Or tout votre raisonnement (de toi-même, Durtal et ShBJ) semble se baser sur cela: qu'il est possible qu'une idée adéquate ait le statut d'une notion commune tout en n'étant pas du tout clairement commune. Je ne pourrai accepter cette thèse (et tout ce qui selon vous en découle) que si vous trouvez des arguments qui prouvent que cela est réellement le cas dans le spinozisme. En attendant, il me semble que vous identifiez tout simplement "notion commune" et "idée adéquate", et que vous faites des idées adéquates des choses qui existent "en soi", et qui attendant d'etre "reçues" par un Esprit humain. C'est oublier que les idées adéquates n'ont comme cause QUE l'Esprit humain, et donc jamais ne se trouvent ailleurs que dans tel ou tel Esprit singulier.
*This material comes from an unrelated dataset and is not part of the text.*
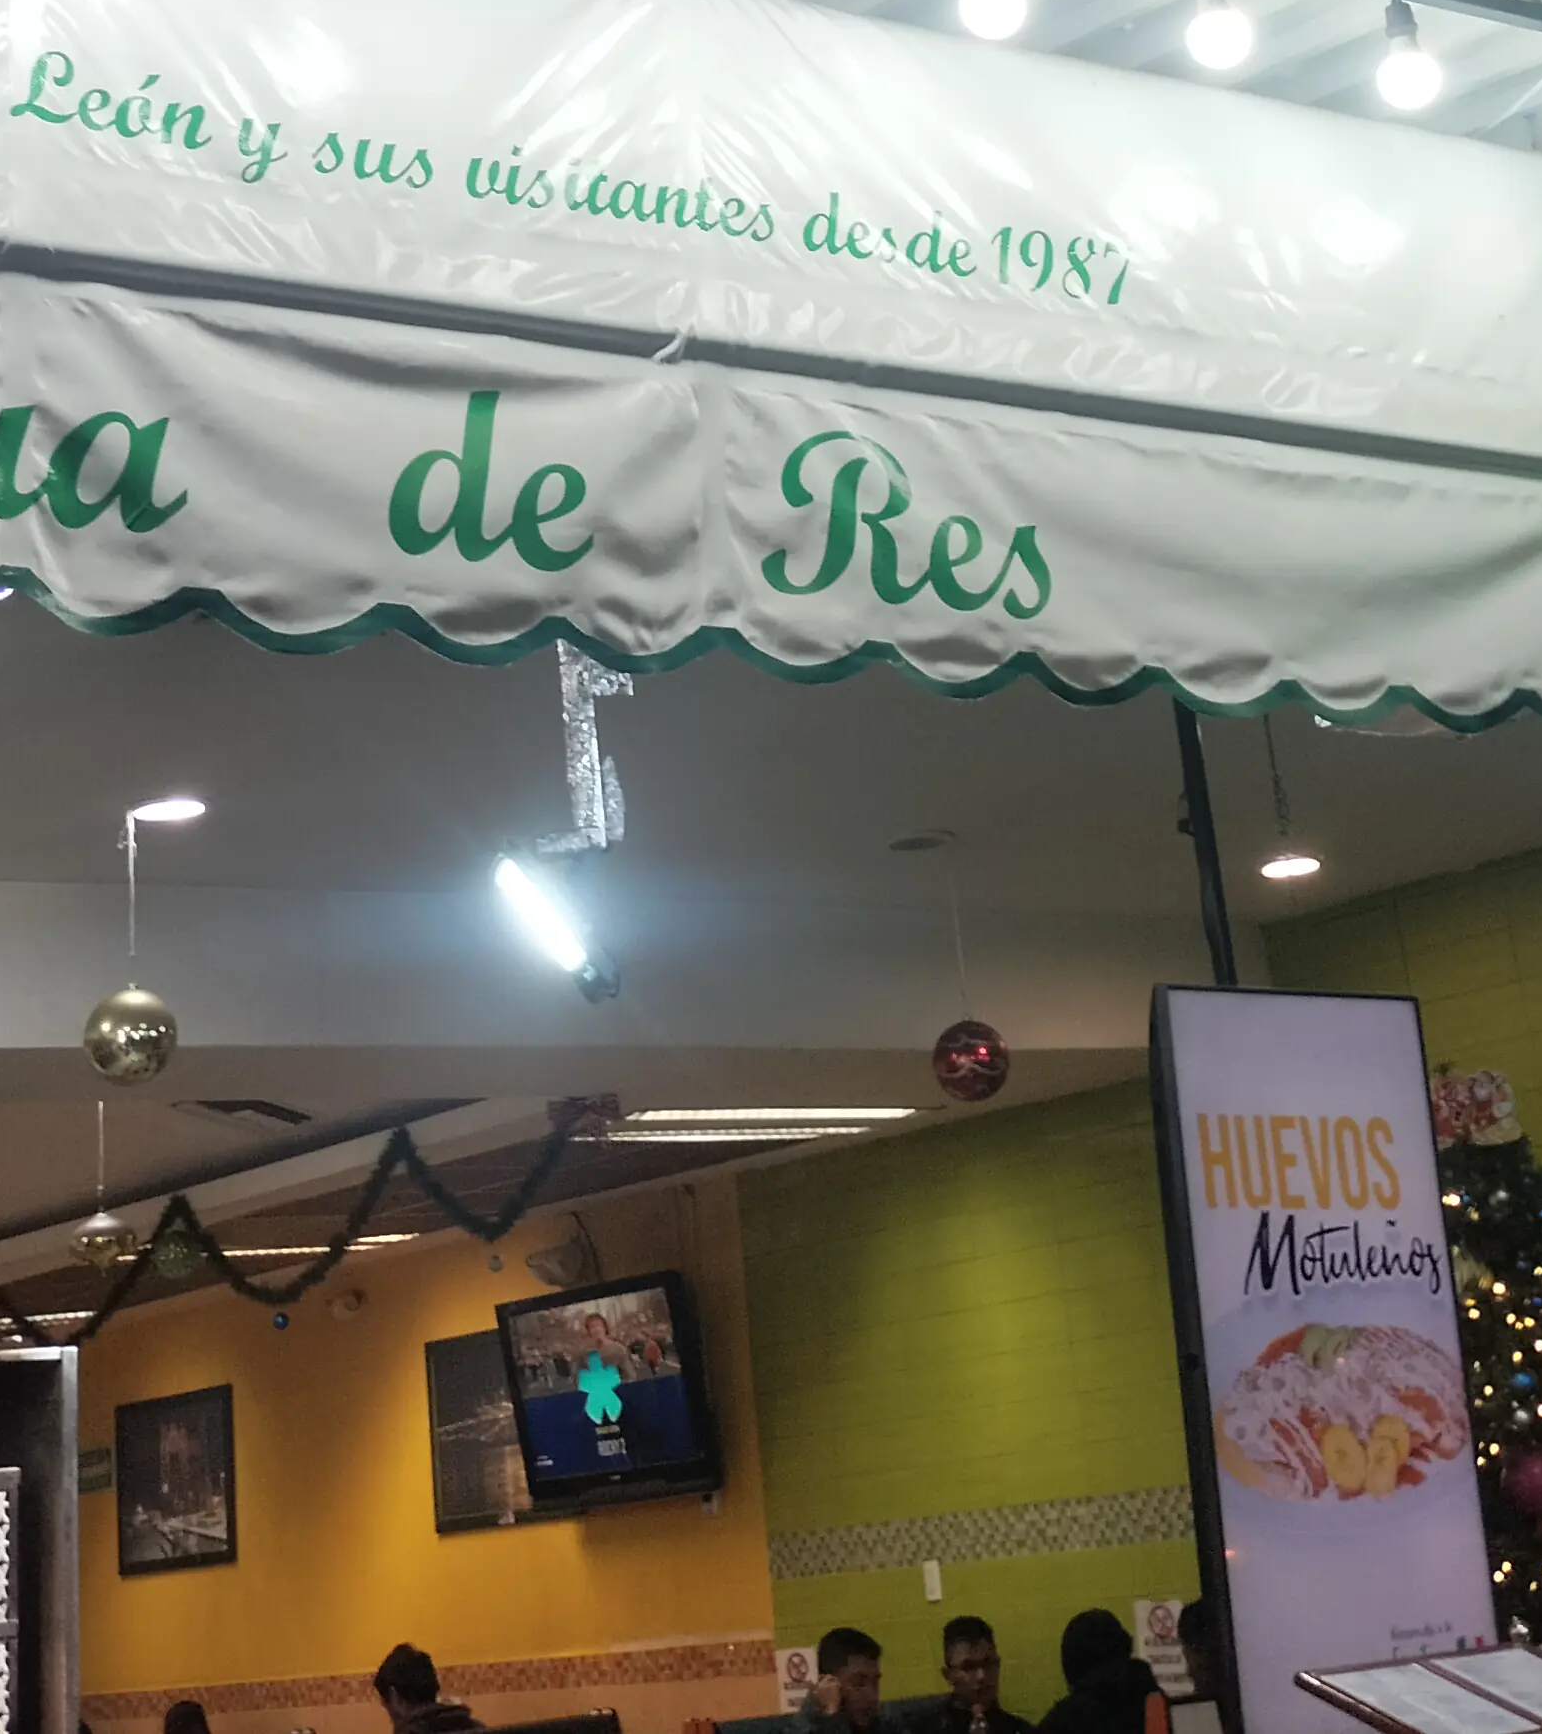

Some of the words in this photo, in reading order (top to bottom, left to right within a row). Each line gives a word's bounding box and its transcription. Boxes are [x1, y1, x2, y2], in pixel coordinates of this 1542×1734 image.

Elles ne désignent pas des vérités "toutes prêtes", que l'homme peut "voir" comme il sait voir des choses extérieures à lui, ou non. Elles constituent l'Esprit humain dans sa singularité. Tandis que voir la vérité d'une chose extérieur, c'est voir son essence singulière, qui n'a rien en commun avec mon essence à moi. Je ne pourrai donc saisir la vérité d'une chose extérieure à moi par le biais d'une notion commune. Pour y parvenir, il me faut une "intuition", c'est-à-dire une idée relevant du troisième genre de connaissance, et non pas du deuxième, comme c'est le cas des notions communes.
Tecti a écrit :Je ne sais pas si je suis claire ou si ça aide...
cela aide certainement, et toute aide est plus que bienvenue!
L.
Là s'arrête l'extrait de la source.